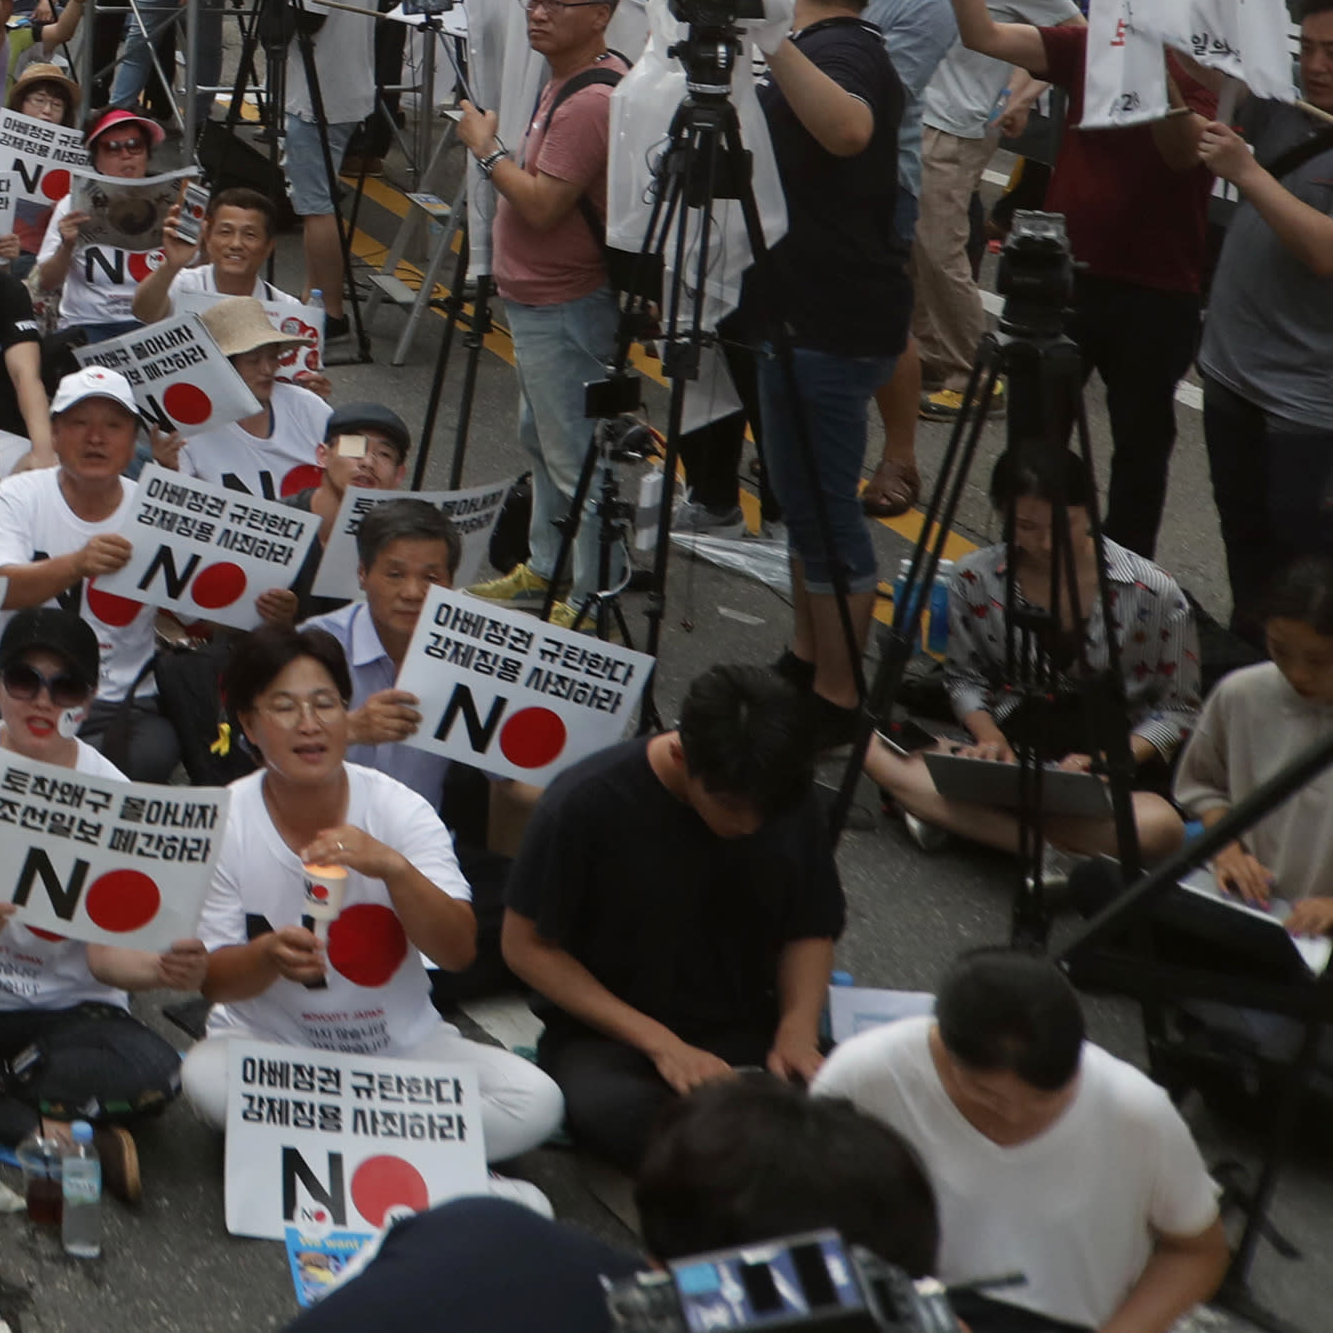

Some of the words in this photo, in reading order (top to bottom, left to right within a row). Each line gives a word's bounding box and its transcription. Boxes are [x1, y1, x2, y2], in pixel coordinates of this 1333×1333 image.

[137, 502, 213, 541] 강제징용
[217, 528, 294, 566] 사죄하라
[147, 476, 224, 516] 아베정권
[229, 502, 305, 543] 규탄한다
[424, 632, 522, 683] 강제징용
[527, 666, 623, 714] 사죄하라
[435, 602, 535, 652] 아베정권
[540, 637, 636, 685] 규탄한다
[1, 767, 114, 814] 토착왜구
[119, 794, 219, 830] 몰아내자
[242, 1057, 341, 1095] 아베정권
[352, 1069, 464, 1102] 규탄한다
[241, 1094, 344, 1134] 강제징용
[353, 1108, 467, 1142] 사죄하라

##########

**Task to complete**
Every line above should be repeated exactly; pictures stay out of the copy.

**Written reply**
Some of the words in this photo, in reading order (top to bottom, left to right within a row). Each line gives a word's bounding box and its transcription. Boxes are [x1, y1, x2, y2], in pixel coordinates of this 1333×1333 image.

[137, 502, 213, 541] 강제징용
[217, 528, 294, 566] 사죄하라
[147, 476, 224, 516] 아베정권
[229, 502, 305, 543] 규탄한다
[424, 632, 522, 683] 강제징용
[527, 666, 623, 714] 사죄하라
[435, 602, 535, 652] 아베정권
[540, 637, 636, 685] 규탄한다
[1, 767, 114, 814] 토착왜구
[119, 794, 219, 830] 몰아내자
[242, 1057, 341, 1095] 아베정권
[352, 1069, 464, 1102] 규탄한다
[241, 1094, 344, 1134] 강제징용
[353, 1108, 467, 1142] 사죄하라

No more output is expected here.